** WHAT IS REQUIRED **
Every entry needs to be reproduced exactly.

[Dataset entries]
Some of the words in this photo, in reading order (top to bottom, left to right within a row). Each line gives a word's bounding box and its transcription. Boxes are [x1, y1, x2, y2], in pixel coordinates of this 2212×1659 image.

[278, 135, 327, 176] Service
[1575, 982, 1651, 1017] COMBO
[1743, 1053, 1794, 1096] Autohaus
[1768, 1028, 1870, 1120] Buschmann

** EXERCISE RESPONSE **
Some of the words in this photo, in reading order (top to bottom, left to right within a row). Each line gives a word's bounding box and its transcription. Boxes are [x1, y1, x2, y2], in pixel coordinates of this 2212×1659 image.

[278, 135, 327, 176] Service
[1575, 982, 1651, 1017] COMBO
[1743, 1053, 1794, 1096] Autohaus
[1768, 1028, 1870, 1120] Buschmann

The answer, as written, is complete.